Getting back to the 1972 analogy, the subtext here is that a lot of Sanders’ coalition believes, with some justification, that the Democratic Party establishment is fundamentally corrupt.  And much of the party establishment plainly despises Sanders.  The moderates want a candidate with broad appeal, and Biden, Bloomberg, Buttigieg and Klobuchar are all competing in that lane as of today.  This means that Sanders could win the nomination, just as McGovern did, with as little as 25% of the total primary vote.  

If Bernie doesn’t clear that bar, and nobody else does, we’ll have a contested convention.  That could be as ugly as 1968, or as futile as 1972.  In the best case, the delegates could winnow the candidates in successive ballots, or by an instant runoff process (if the rules would permit that).  We’d end up with a compromise candidate who might not be the person with the plurality or the most delegates going into the convention, but who was arguably more broadly acceptable than a factional candidate could be.  If that person isn’t Sanders, they’ll need consummate skill to placate progressives and attract independents at the same time.

The biggest problem for any Democratic presidential candidate lies in a fundamental asymmetry between the way the GOP and Democrats win state and national elections.  Ezra Klein has given the best analysis of this state of affairs: because the GOP is as ethnically and ideologically homogenous as the Democratic Party is diverse, and because the Electoral College and the provision of two Senators per state both significantly favor the GOP, Democrats usually cannot win elections the way Republicans do, by appealing primarily to their base.  Bill Clinton and Barack Obama both succeeded by running hard down the middle. 

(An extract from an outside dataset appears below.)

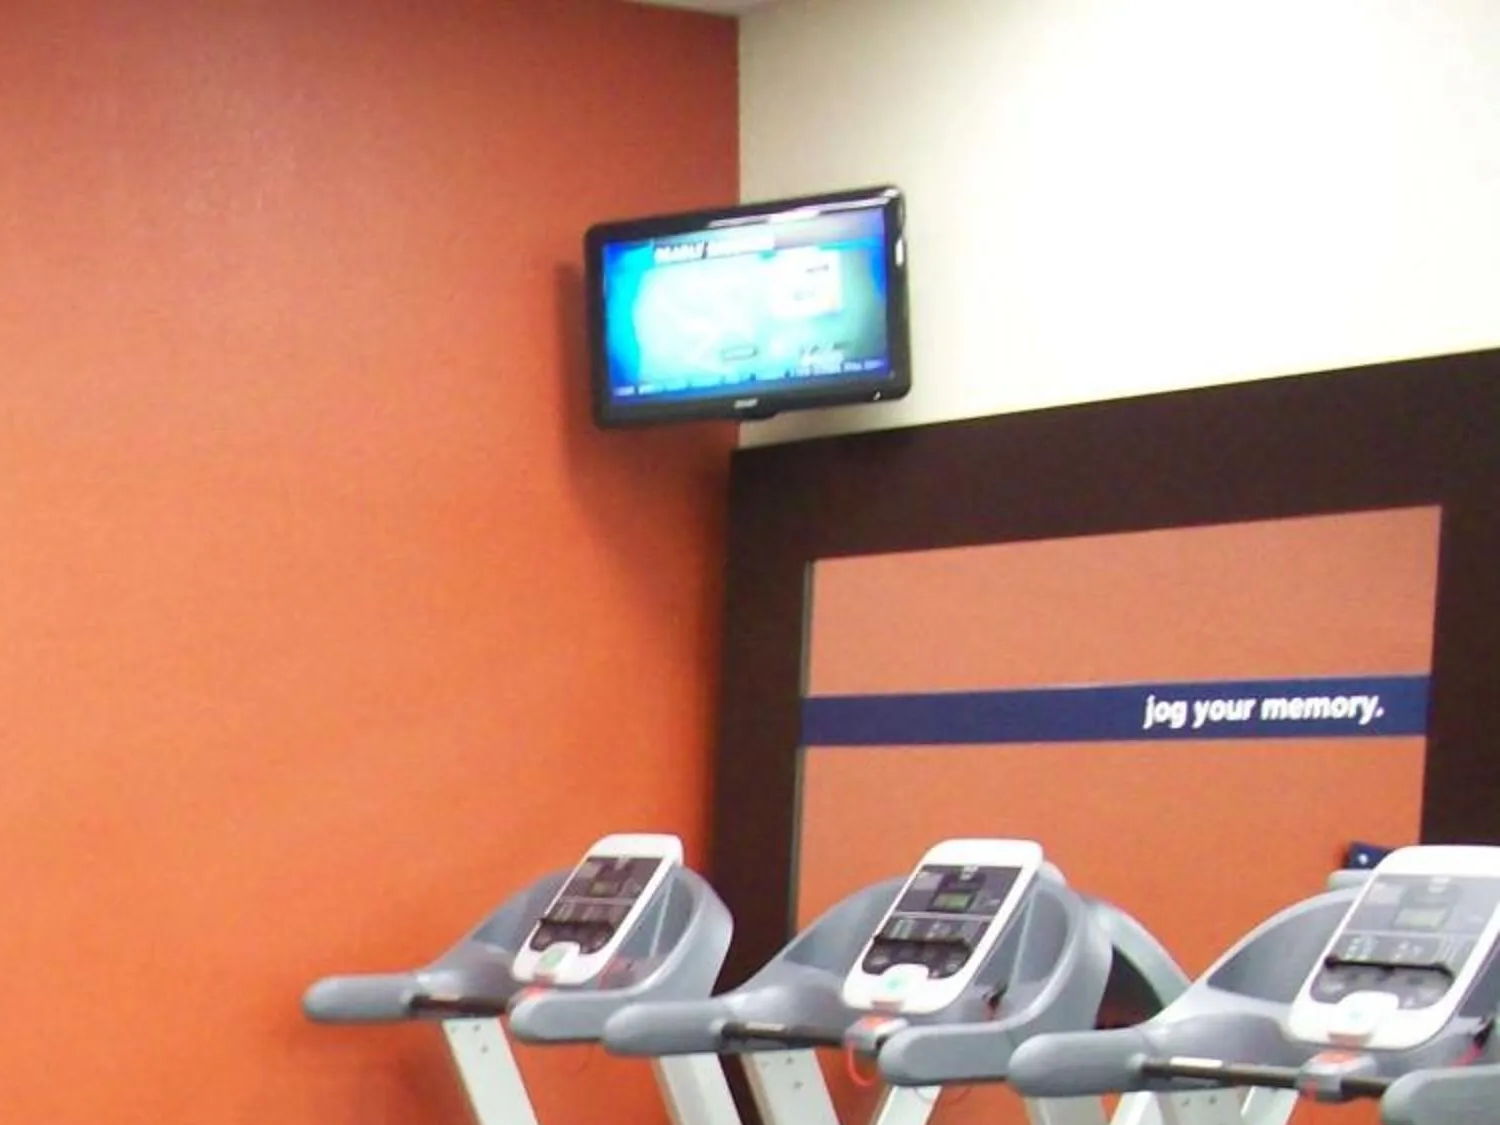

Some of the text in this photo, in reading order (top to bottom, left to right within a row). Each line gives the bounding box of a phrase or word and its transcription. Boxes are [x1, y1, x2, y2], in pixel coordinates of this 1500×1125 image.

Republicans candidates always play to the fear that Democrats in power will take away the little that you have, and give it to the undeserving.  This plainly racist appeal actually works on working class voters of all races.  Clinton and Obama were nimble enough to overcome it.  So far, Bernie doesn’t seem to be moving in that direction.  Yesterday, responding to AOC’s suggestion that a compromise on Medicare For All would still be a win for Democrats as long as it established a public option, Sanders responded that the four-year phase-in outlined in his plan “is, in a sense, already a compromise.”  Are skeptical voters really going to buy that?  I doubt it.  

Given that Trump is plainly dishonest, incompetent, corrosive to our political institutions, a horrible human being, and a total hypocrite when it comes to addressing the real needs of the people who voted for him, you would think that defeating him would be a straightforward process.  But given the extent of polarization both within the Democratic Party and in the general electorate, it won’t be.